300 Assessment of Non-Canonical Splicing Variants in ABCC6 and Comparison with Bioinformatics Predictions

Abstract

Pseudoxanthoma elasticum (PXE), a prototype of heritable ectopic mineralization disorders, is caused by inactivating mutations in the ABCC6 gene predominantly expressed in hepatocytes. Different types of mutations have been identified in ABCC6 including canonical splice site mutations affecting pre-mRNA splicing. Non-canonical splicing variants near or within exon-intron boundary in ABCC6 are under-recognized due to the lack of liver biopsies from patients carrying such variants, and consequently, inability to determine their consequences on splicing by transcriptional analysis. The interpretation of such variants has primarily relied on the prediction by in silico algorithms; often such programs do not provide consensus predictions.

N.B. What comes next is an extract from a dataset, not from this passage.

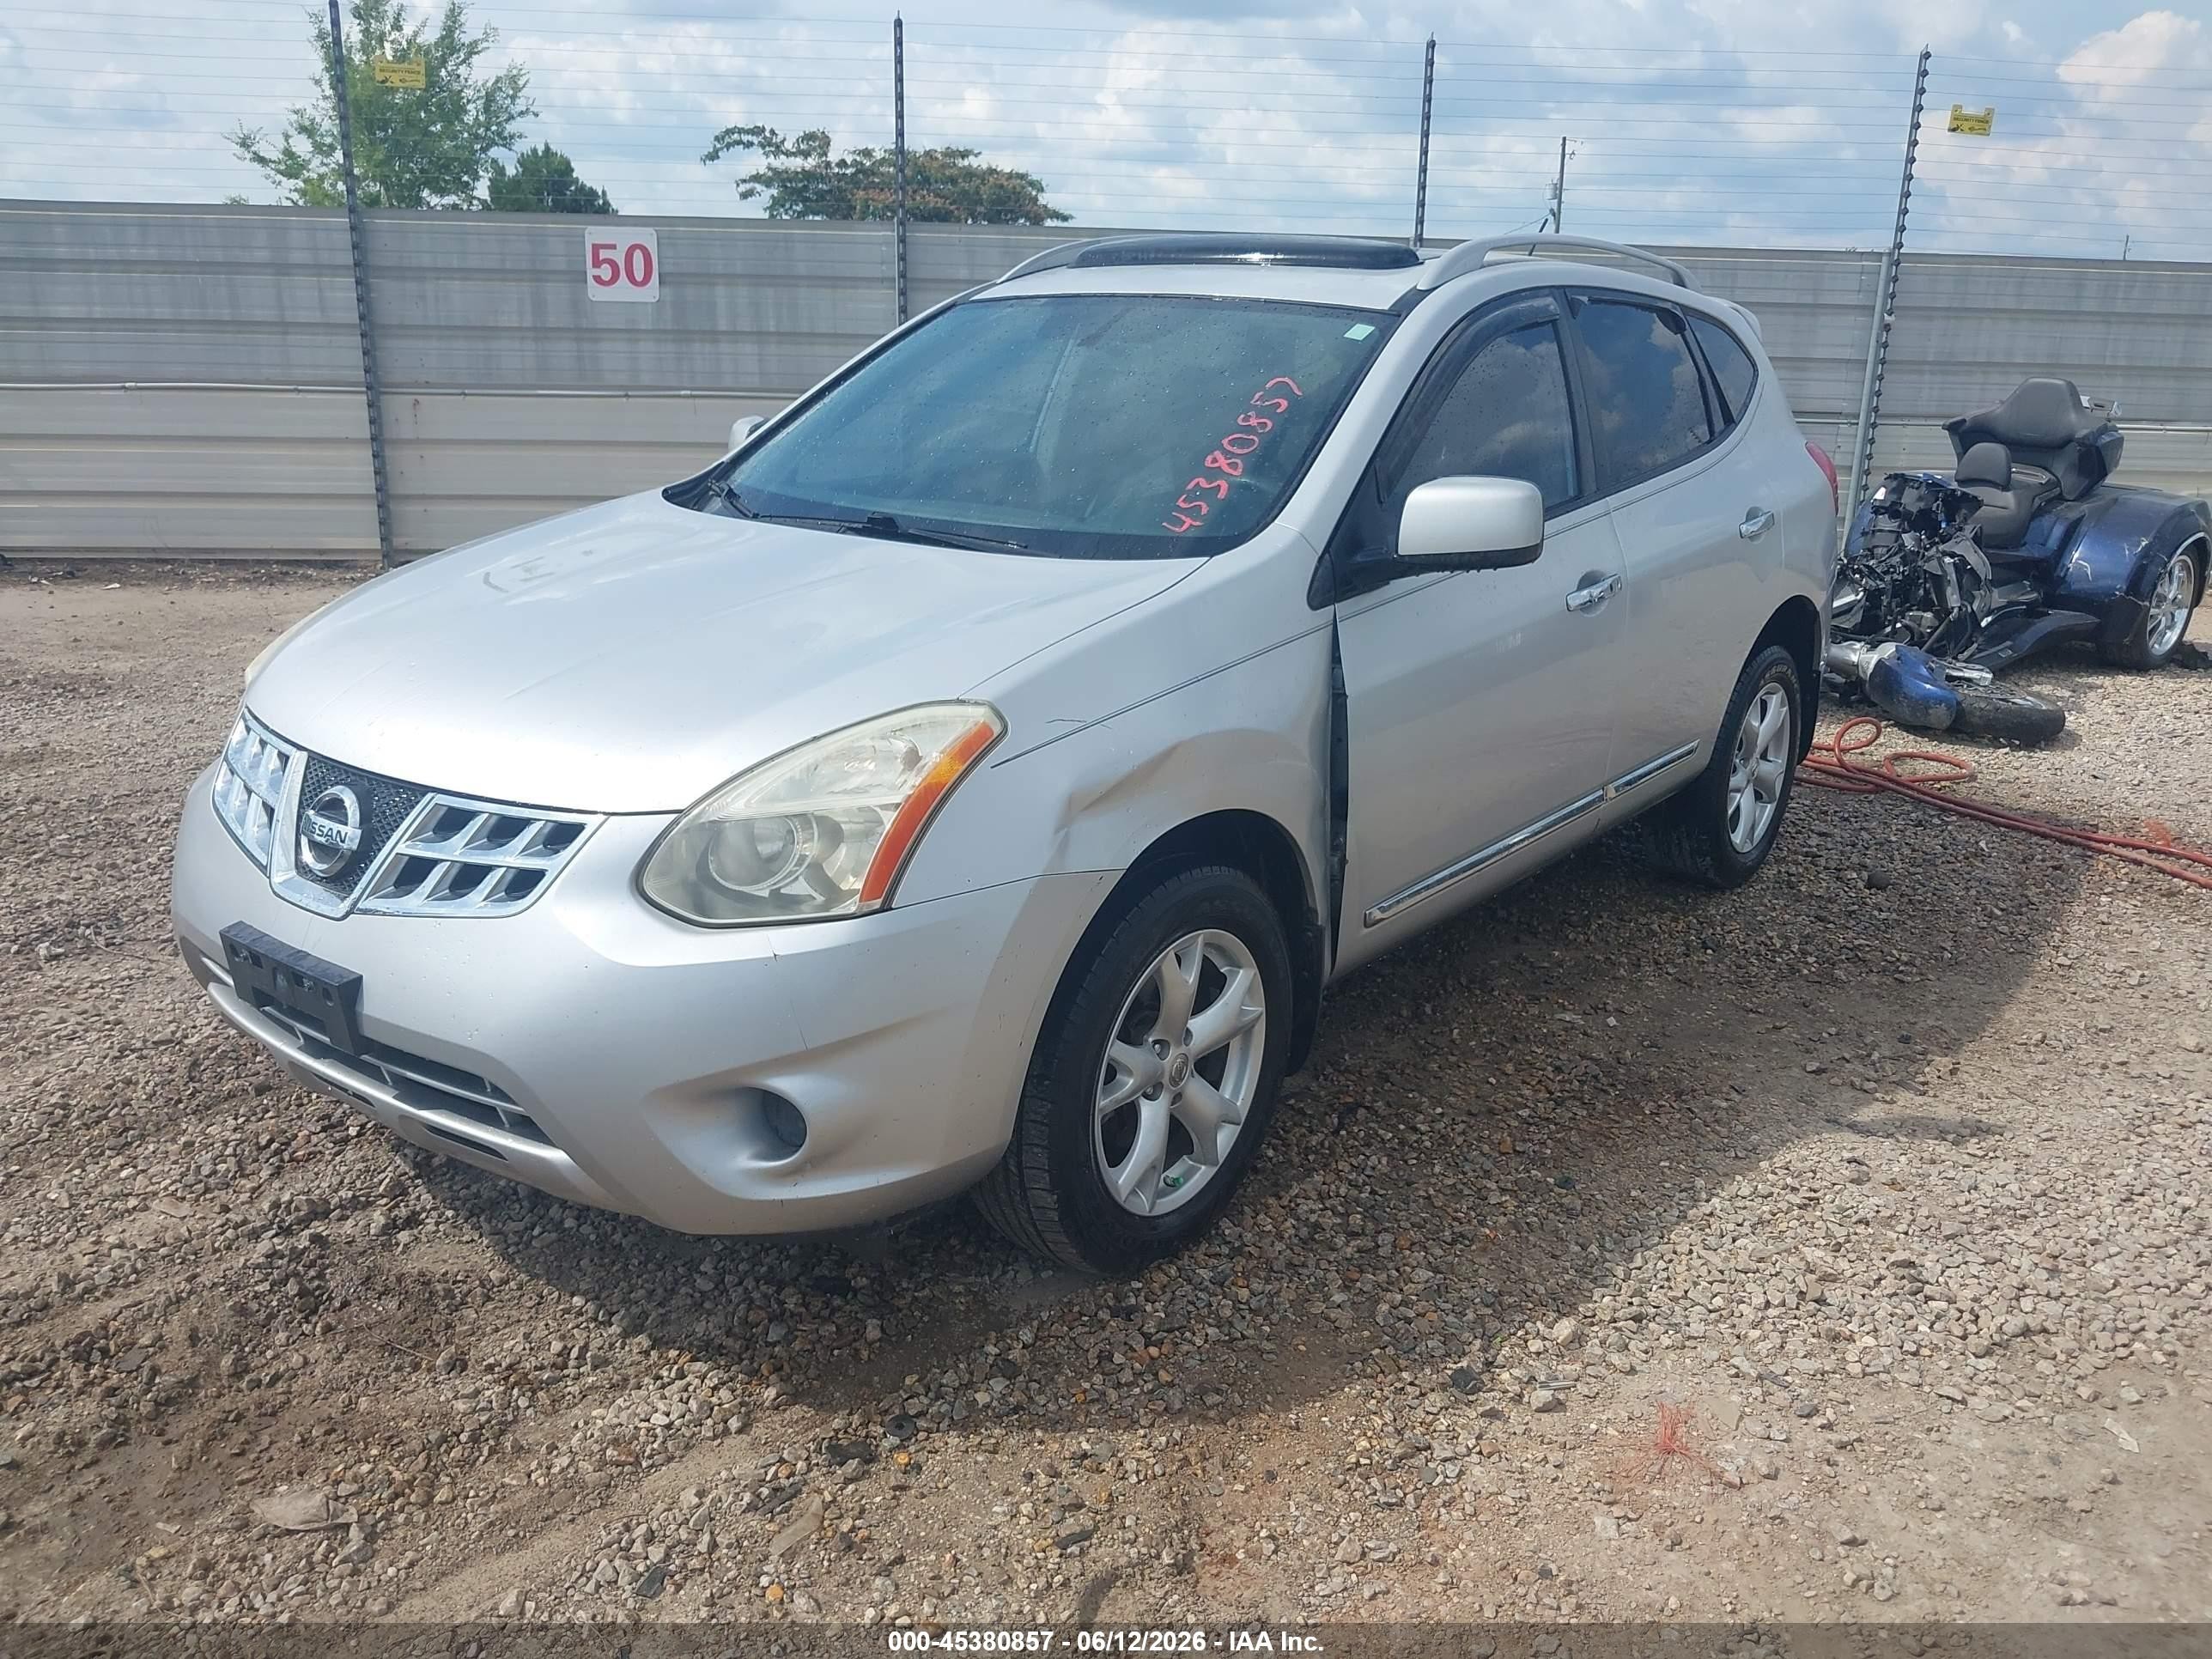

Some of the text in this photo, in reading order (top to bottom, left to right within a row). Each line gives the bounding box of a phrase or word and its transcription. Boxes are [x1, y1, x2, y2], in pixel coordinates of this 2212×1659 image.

[592, 243, 653, 288] 50
[1162, 377, 1304, 532] 45380857
[302, 812, 349, 844] SSAN

Among seven non-canonical splicing variants identified in ABCC6 in patients with PXE, five variants were found to affect splicing in in vitro minigene splicing assays in transfected HepG2 cells. Four of the variants, c.1868-5T>G, c.2070+5G>A, c.3735G>A (p.E1245=), and c.3883-46A>G, caused skipping of the respective adjacent exon. One variant, c.3883-6G>A, created a new splicing donor site resulting in a 4-bp retention from the intronic region. The results provide experimental evidence that these non-canonical variants disrupt splicing, suggesting the presence of pathogenic mutations beyond the canonical splice sites, including silent variants in the coding region.